▶ [WHAT THE EXERCISE ASKS] Where a record contains an image, leave the image out and print the rest exactly.

┌────────

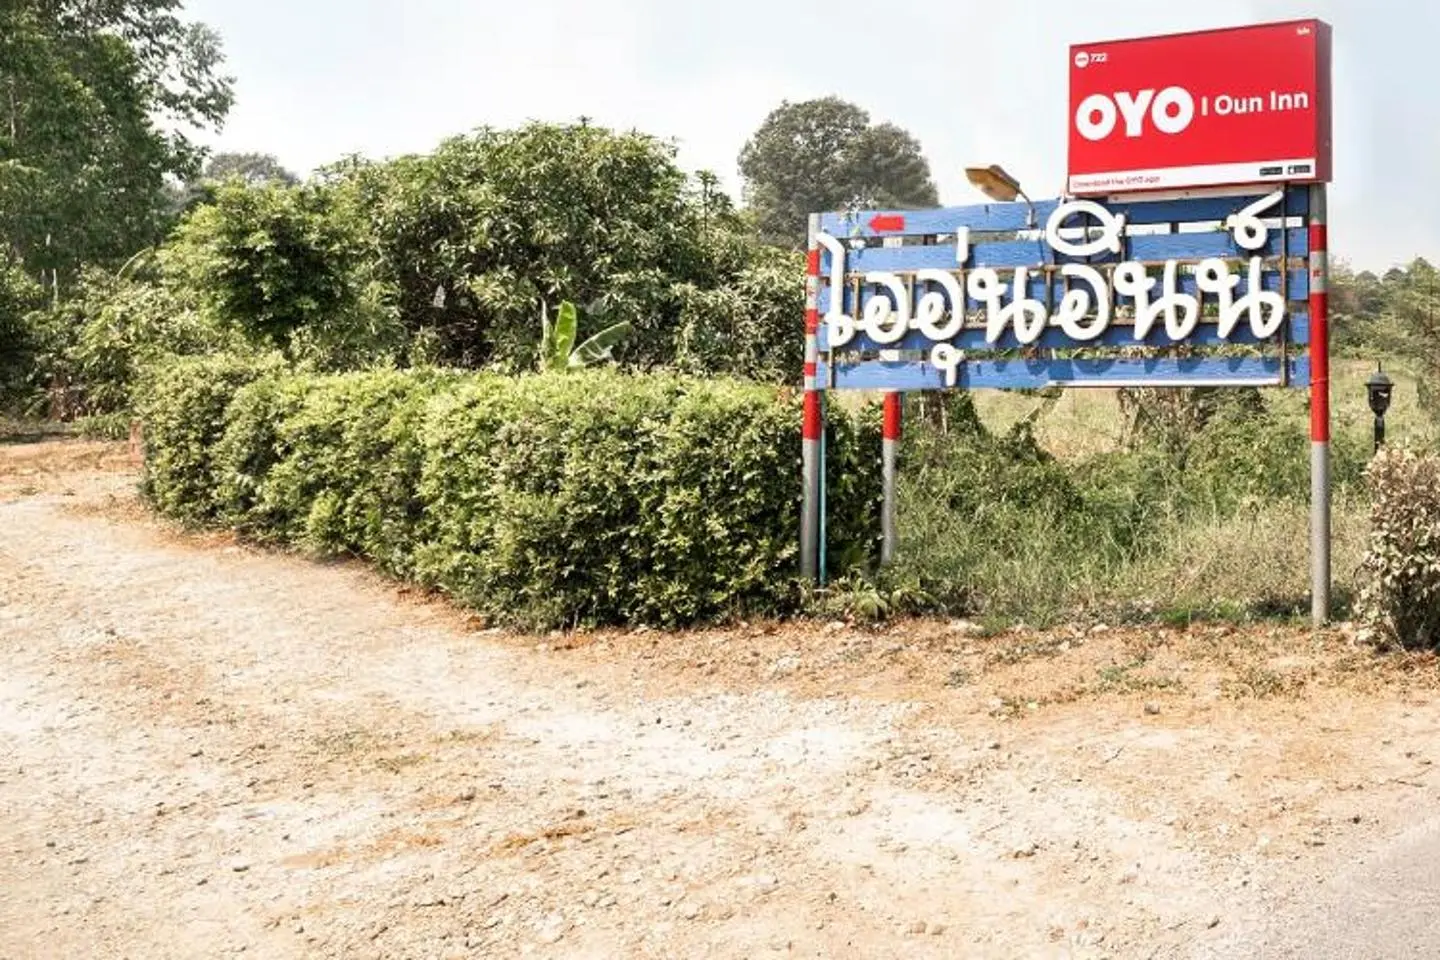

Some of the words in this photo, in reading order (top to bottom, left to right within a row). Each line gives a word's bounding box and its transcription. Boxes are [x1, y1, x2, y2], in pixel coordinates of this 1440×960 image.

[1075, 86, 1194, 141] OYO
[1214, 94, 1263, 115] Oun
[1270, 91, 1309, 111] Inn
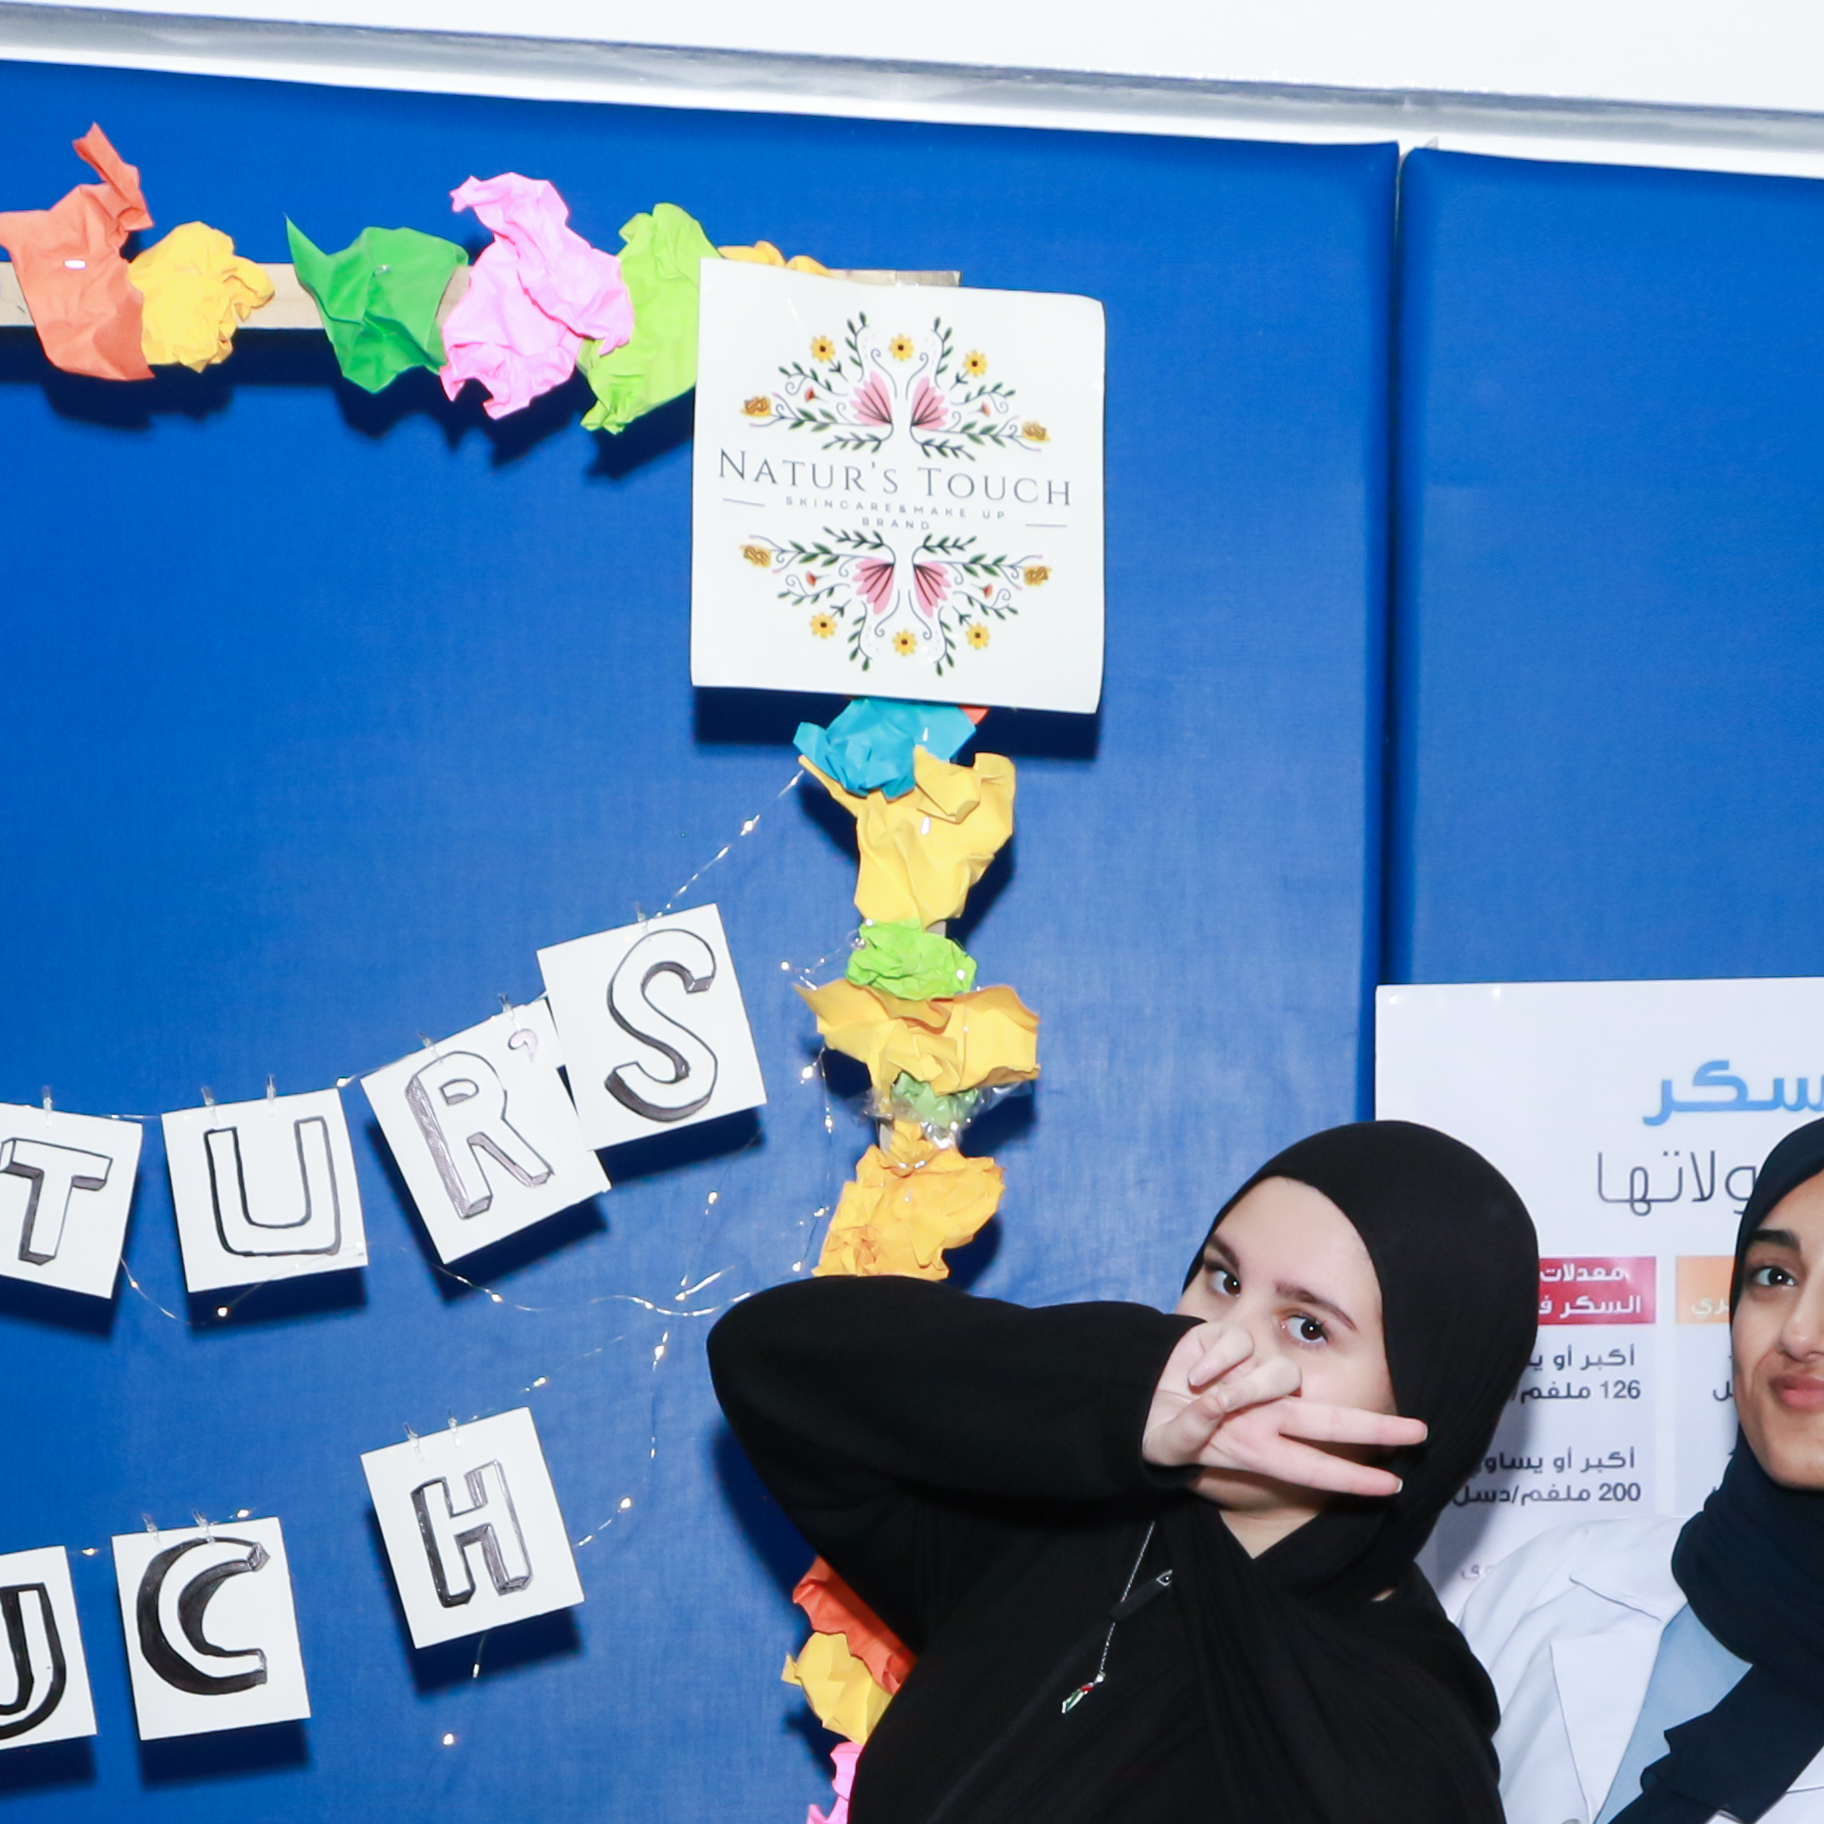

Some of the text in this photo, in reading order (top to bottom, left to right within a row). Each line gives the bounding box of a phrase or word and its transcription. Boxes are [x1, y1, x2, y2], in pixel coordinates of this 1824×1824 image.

└────────

▶ [COMPLETED EXERCISE]
Some of the words in this photo, in reading order (top to bottom, left to right within a row). Each line gives a word's bounding box and its transcription. Boxes are [x1, y1, x2, y2], in pixel coordinates of this 1440×960 image.

[1075, 86, 1194, 141] OYO
[1214, 94, 1263, 115] Oun
[1270, 91, 1309, 111] Inn

Some of the text in this photo, in reading order (top to bottom, left to right within a row). Each line gives the bounding box of a phrase or word and its transcription. Boxes are [x1, y1, x2, y2], in pixel coordinates of this 1824×1824 image.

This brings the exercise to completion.